**Exercise requirements:**
Set the data below down again, exactly, with every picture left out.

(Saved entries)
--- START ---

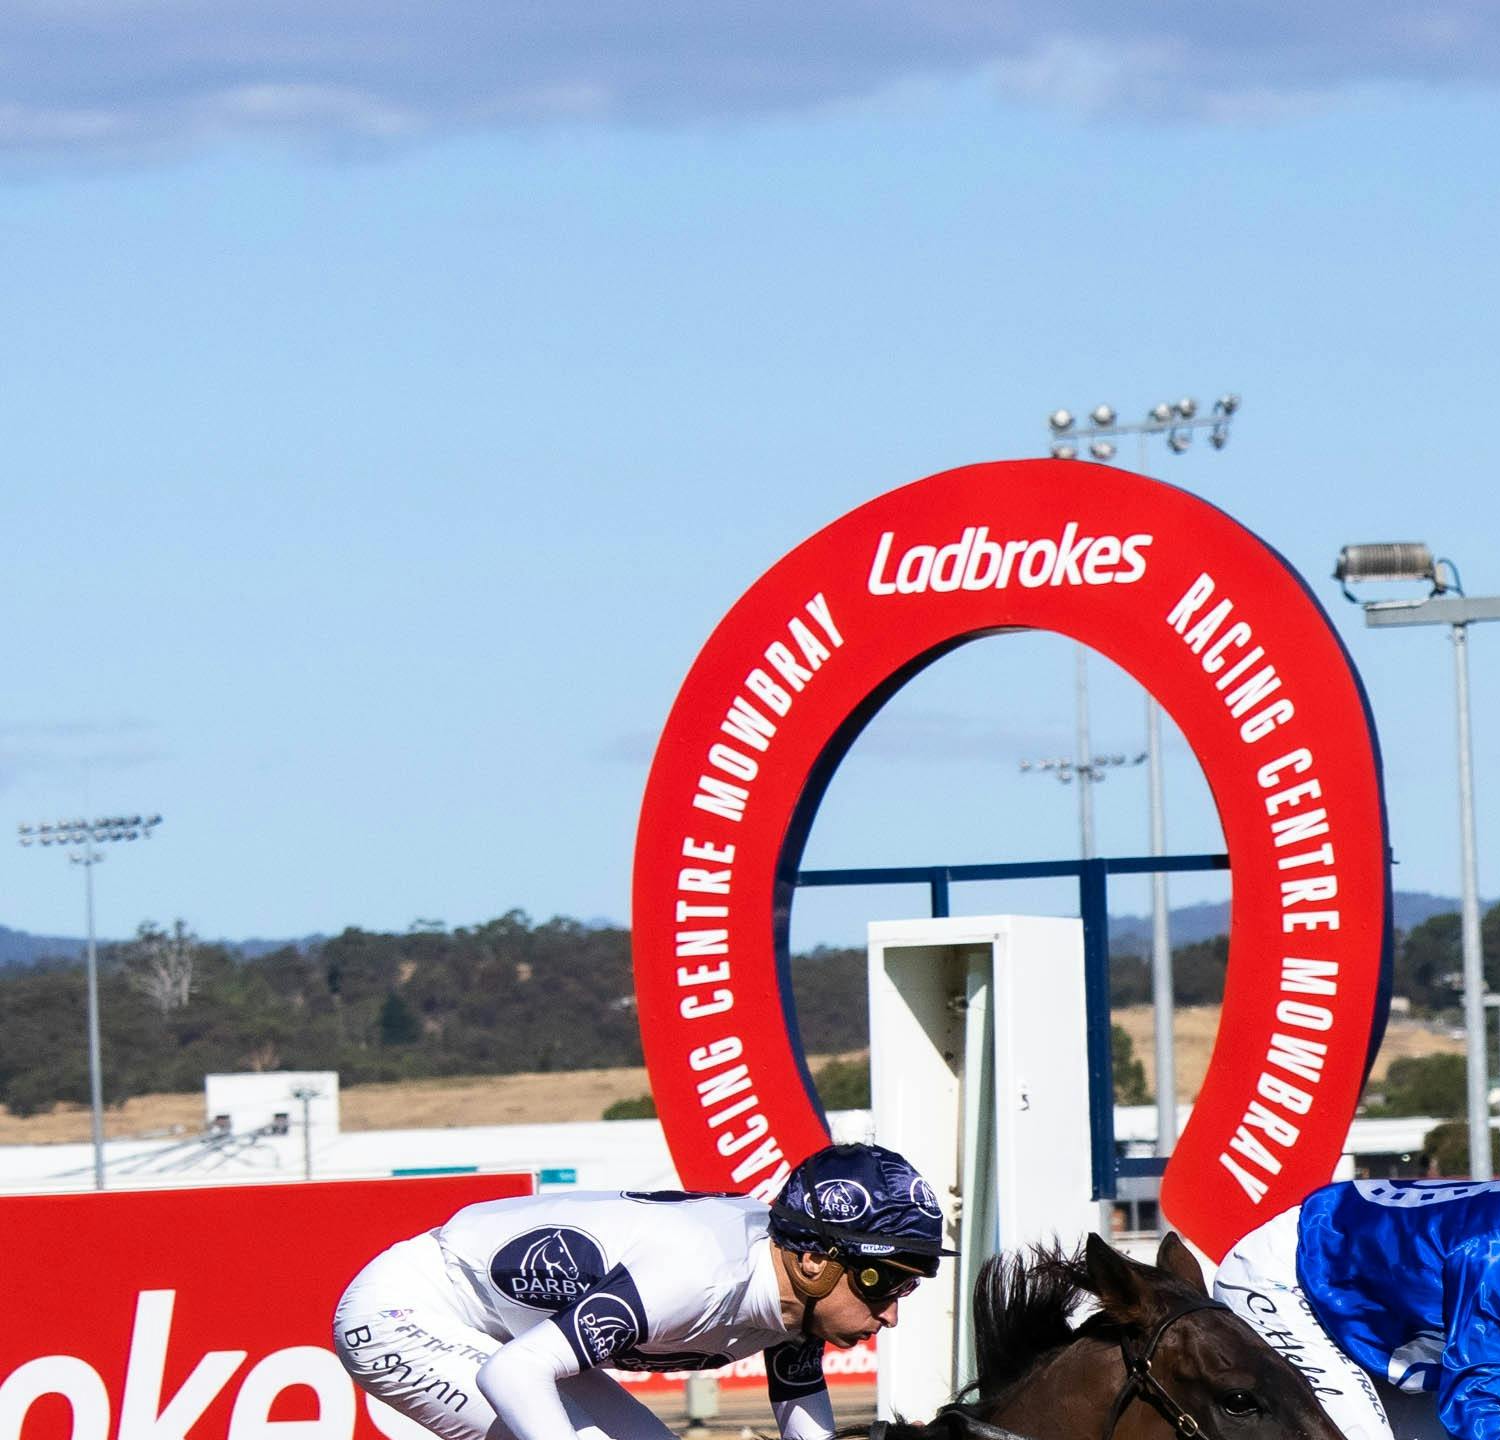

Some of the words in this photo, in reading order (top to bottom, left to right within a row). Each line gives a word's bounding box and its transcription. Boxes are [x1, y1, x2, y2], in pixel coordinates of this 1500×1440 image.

[869, 523, 1152, 595] Ladbrokes
[1167, 573, 1293, 742] RACING
[694, 593, 843, 821] MOWBRAY
[1258, 749, 1339, 932] CENTRE
[677, 838, 734, 1018] CENTRE
[1220, 958, 1338, 1203] MOWBRAY
[690, 1037, 792, 1202] RACING
[819, 1204, 859, 1214] ARBY
[512, 1277, 590, 1295] DARBY
[516, 1293, 578, 1301] RACIN
[344, 1324, 372, 1358] B.
[584, 1313, 610, 1360] DARB
[1352, 1368, 1388, 1425] TRACK

--- END ---

**Answer:**
Some of the words in this photo, in reading order (top to bottom, left to right within a row). Each line gives a word's bounding box and its transcription. Boxes are [x1, y1, x2, y2], in pixel coordinates of this 1500×1440 image.

[869, 523, 1152, 595] Ladbrokes
[1167, 573, 1293, 742] RACING
[694, 593, 843, 821] MOWBRAY
[1258, 749, 1339, 932] CENTRE
[677, 838, 734, 1018] CENTRE
[1220, 958, 1338, 1203] MOWBRAY
[690, 1037, 792, 1202] RACING
[819, 1204, 859, 1214] ARBY
[512, 1277, 590, 1295] DARBY
[516, 1293, 578, 1301] RACIN
[344, 1324, 372, 1358] B.
[584, 1313, 610, 1360] DARB
[1352, 1368, 1388, 1425] TRACK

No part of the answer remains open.